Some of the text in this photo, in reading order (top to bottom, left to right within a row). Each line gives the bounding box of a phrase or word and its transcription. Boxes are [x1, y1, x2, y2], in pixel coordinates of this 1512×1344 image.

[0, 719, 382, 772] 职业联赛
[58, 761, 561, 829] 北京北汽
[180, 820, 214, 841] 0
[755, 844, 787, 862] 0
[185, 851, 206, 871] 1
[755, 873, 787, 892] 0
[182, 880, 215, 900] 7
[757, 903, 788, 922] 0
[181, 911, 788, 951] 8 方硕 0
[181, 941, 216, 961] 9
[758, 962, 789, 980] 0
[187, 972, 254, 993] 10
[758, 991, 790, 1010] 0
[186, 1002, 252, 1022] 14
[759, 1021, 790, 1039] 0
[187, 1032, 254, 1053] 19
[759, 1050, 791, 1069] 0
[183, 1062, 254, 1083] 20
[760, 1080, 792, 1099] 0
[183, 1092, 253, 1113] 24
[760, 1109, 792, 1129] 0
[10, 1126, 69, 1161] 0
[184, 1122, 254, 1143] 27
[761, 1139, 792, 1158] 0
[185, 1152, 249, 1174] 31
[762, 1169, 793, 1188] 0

■ YOUR ASSIGNMENT ■
The full listing, top to bottom: write it out again exactly.

■ RESPONSE TO THIS TASK ■
Some of the text in this photo, in reading order (top to bottom, left to right within a row). Each line gives the bounding box of a phrase or word and its transcription. Boxes are [x1, y1, x2, y2], in pixel coordinates of this 1512×1344 image.

[0, 719, 382, 772] 职业联赛
[58, 761, 561, 829] 北京北汽
[180, 820, 214, 841] 0
[755, 844, 787, 862] 0
[185, 851, 206, 871] 1
[755, 873, 787, 892] 0
[182, 880, 215, 900] 7
[757, 903, 788, 922] 0
[181, 911, 788, 951] 8 方硕 0
[181, 941, 216, 961] 9
[758, 962, 789, 980] 0
[187, 972, 254, 993] 10
[758, 991, 790, 1010] 0
[186, 1002, 252, 1022] 14
[759, 1021, 790, 1039] 0
[187, 1032, 254, 1053] 19
[759, 1050, 791, 1069] 0
[183, 1062, 254, 1083] 20
[760, 1080, 792, 1099] 0
[183, 1092, 253, 1113] 24
[760, 1109, 792, 1129] 0
[10, 1126, 69, 1161] 0
[184, 1122, 254, 1143] 27
[761, 1139, 792, 1158] 0
[185, 1152, 249, 1174] 31
[762, 1169, 793, 1188] 0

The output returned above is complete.